Work to complete → A word-for-word copy of the records that follow is needed, with every picture omitted.

Saved data entries
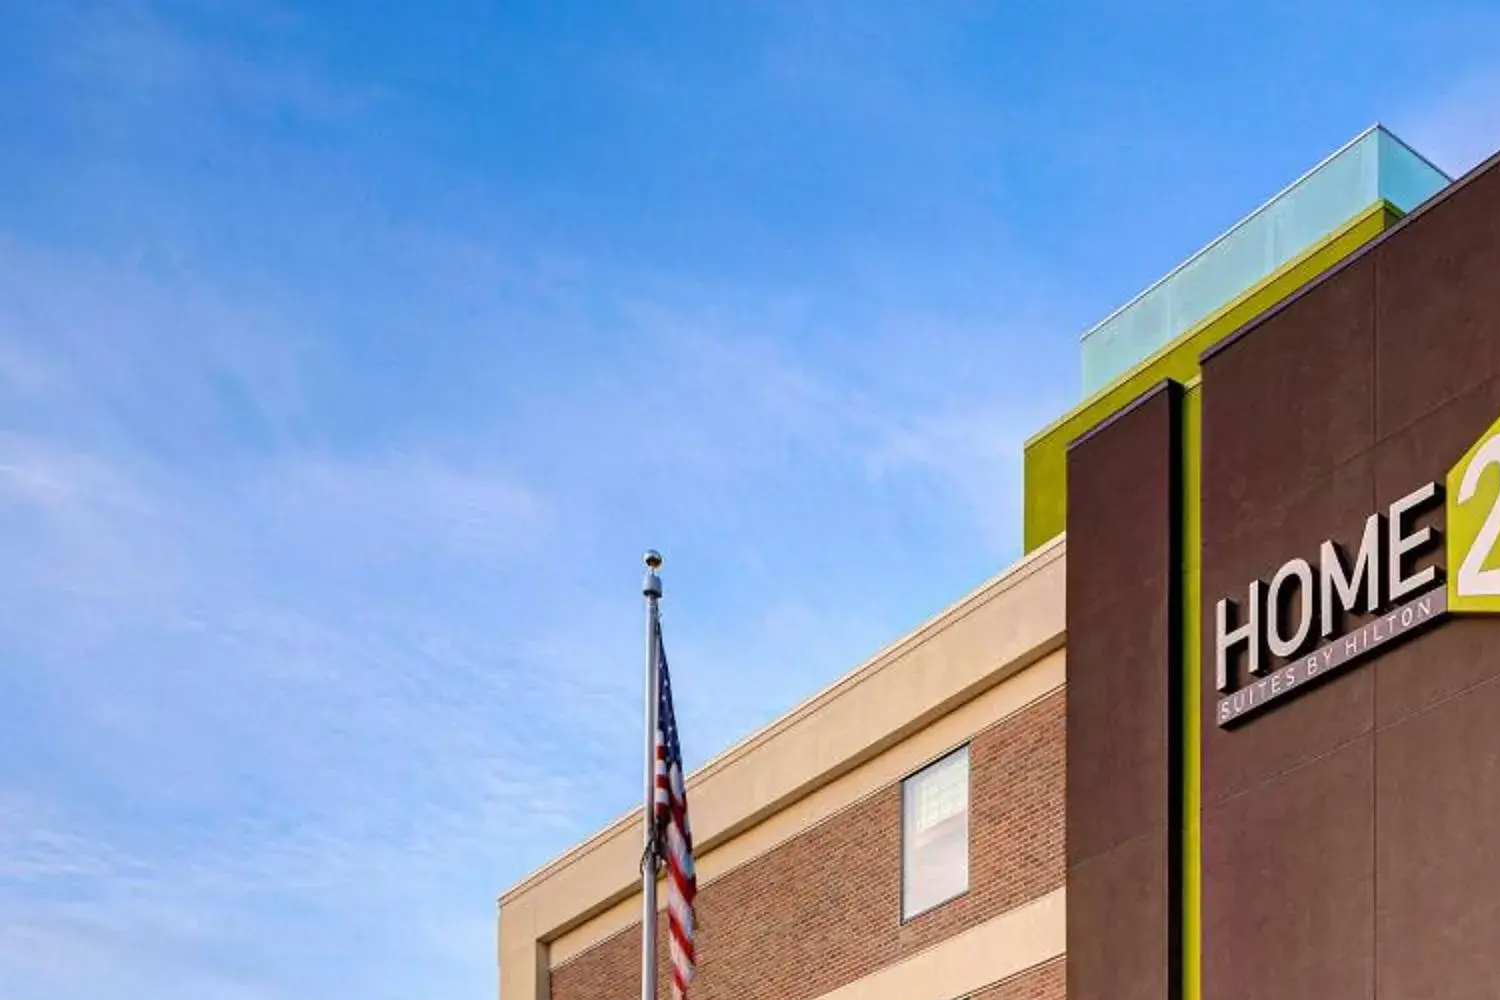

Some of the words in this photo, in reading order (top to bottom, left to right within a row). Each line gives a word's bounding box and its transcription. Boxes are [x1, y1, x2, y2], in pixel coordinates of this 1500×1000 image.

[1216, 481, 1437, 691] HOME
[1220, 667, 1296, 720] SUITES
[1306, 648, 1334, 676] BY
[1344, 599, 1432, 657] HILTON

Result below →
Some of the words in this photo, in reading order (top to bottom, left to right within a row). Each line gives a word's bounding box and its transcription. Boxes are [x1, y1, x2, y2], in pixel coordinates of this 1500×1000 image.

[1216, 481, 1437, 691] HOME
[1220, 667, 1296, 720] SUITES
[1306, 648, 1334, 676] BY
[1344, 599, 1432, 657] HILTON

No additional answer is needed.